In order to understand the meaning of the Jasenovac crimes of genocide, and to establish the truth about the death camp there, Mr. Bulajic asked for a United Nations fact-finding mission on the basis of the General Assembly resolution of December 1991 on the subject. He also called upon the European Parliament to create an international commission of experts on the basis of its resolution of 10 February 1993. He asked that such a commission determine the victims, by name, to end the "terrible bargaining" around the number, from 20,000 to 700,000, which he called a crime in itself. Such a project required help and expertise, such as an international commission could provide.

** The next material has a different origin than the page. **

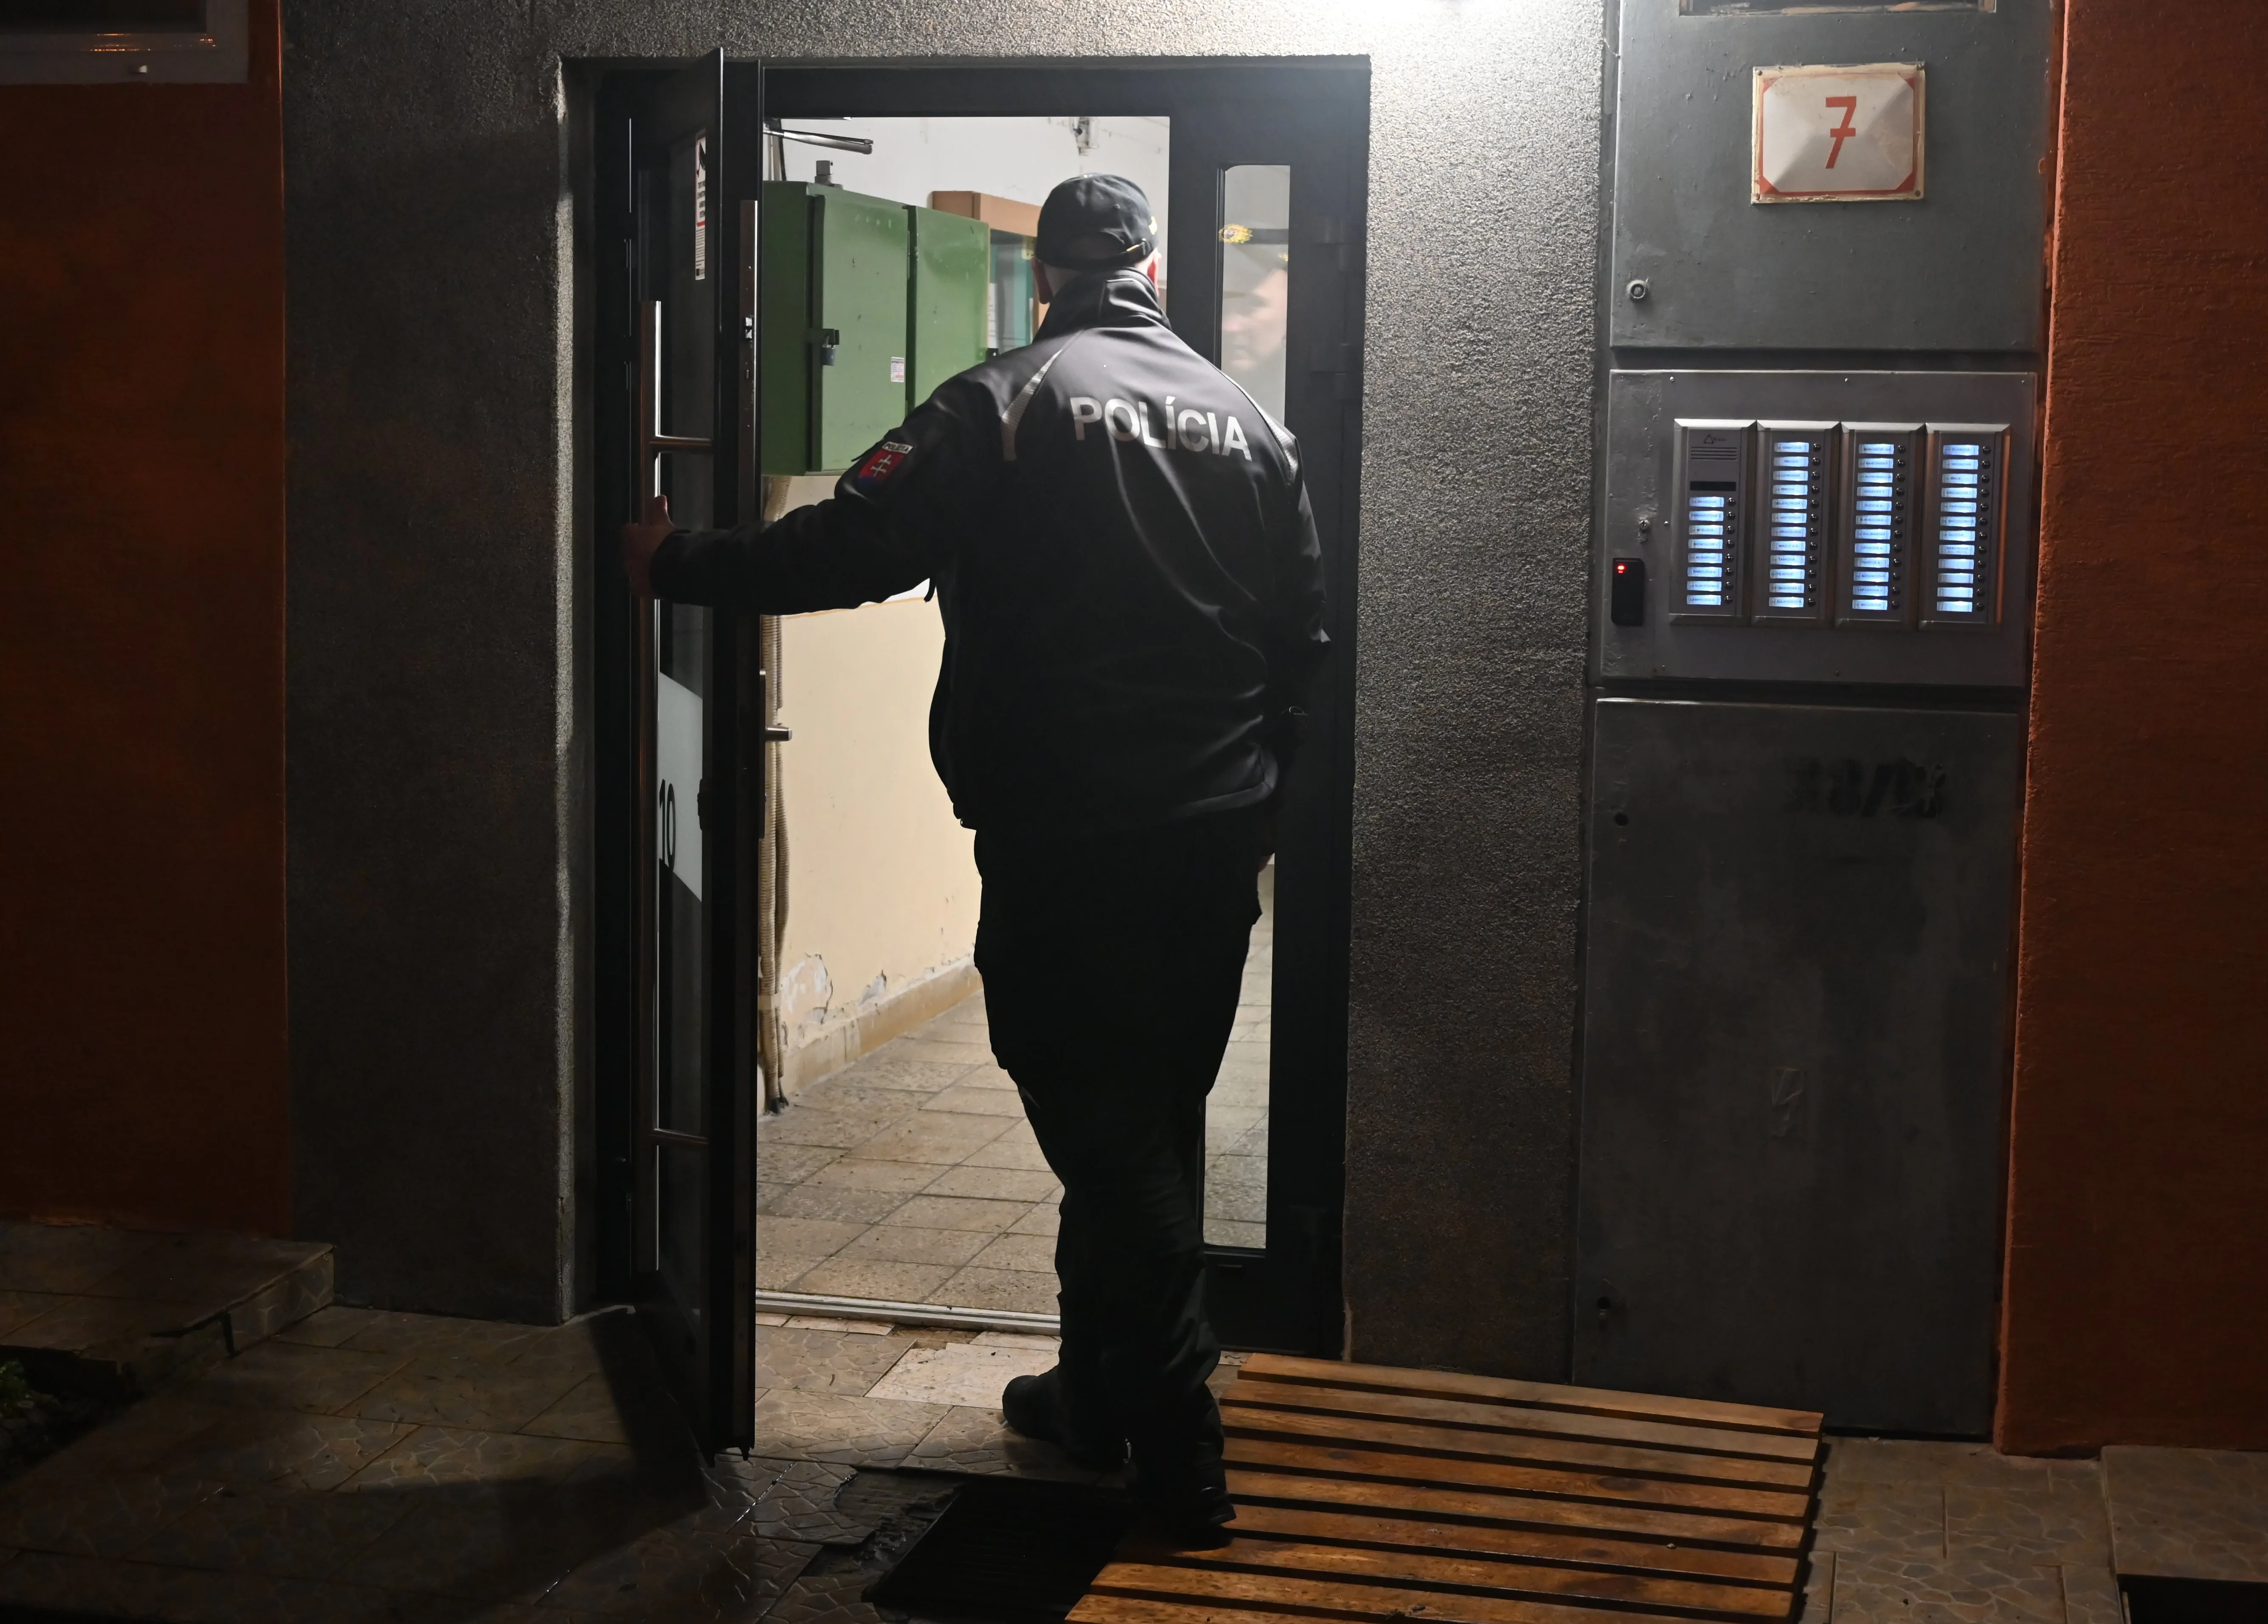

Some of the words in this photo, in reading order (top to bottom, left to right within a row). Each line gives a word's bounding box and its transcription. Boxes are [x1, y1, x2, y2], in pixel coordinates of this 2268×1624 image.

Finally, Mr. Bulajic issued a warning concerning the number of victims between 1991 and 1996 in the former Republic of Yugoslavia, saying that a separate census by President Tudjman for Croatia should be forbidden. A census must be done under strict control and under the auspices of the United Nations. Measures should be taken to reconstruct the death camp of Jasenovac on the basis of existing foundations and photographs from 1945. Such a system should be placed under international protection, specifically on the United Nations Educational, Scientific and Cultural Organization (UNESCO) list of "World Heritage", along with the Nazi death camp of Auschwitz. His Government had already requested that UNESCO place the Jasenovac Memorial Grounds under international protection.
When asked by a correspondent how the United Nations should approach the task of preventing genocide, Mr. Bulajic said the Organization did not do what it was supposed to do -- establish the truth. He reiterated his shock that the death camp was not on the United Nations' War Commission register.
Asked whether anyone was trying to establish the names of elders who perished at Jasenovac, he said it had not been done when Yugoslavia was negotiating war damages with Germany, but the Museum had established 597,000 adult victims.
In a follow-up question, the correspondent asked whether there was legal ground to call the former Yugoslavia to task for its actions in the Second
Yugoslavia Press Conference - 3 - 17 April 1996
World War. Mr. Bulaji said that Croatia had been a Nazi satellite State, and he, therefore, believed that from the perspective of international law, it did not exist. He said again that the reason genocide was repeated was because the roots of the crimes had not been eliminated. It was absolutely necessary, he added, for the world community to analyse the roots of genocide in the context of what was happening today.
When asked whether he supported the current war crimes Tribunal, he said he was not convinced that it had, as its aim, the prevention of genocide. The limited jurisdiction of international criminal courts went against the basic rules of contemporary international law.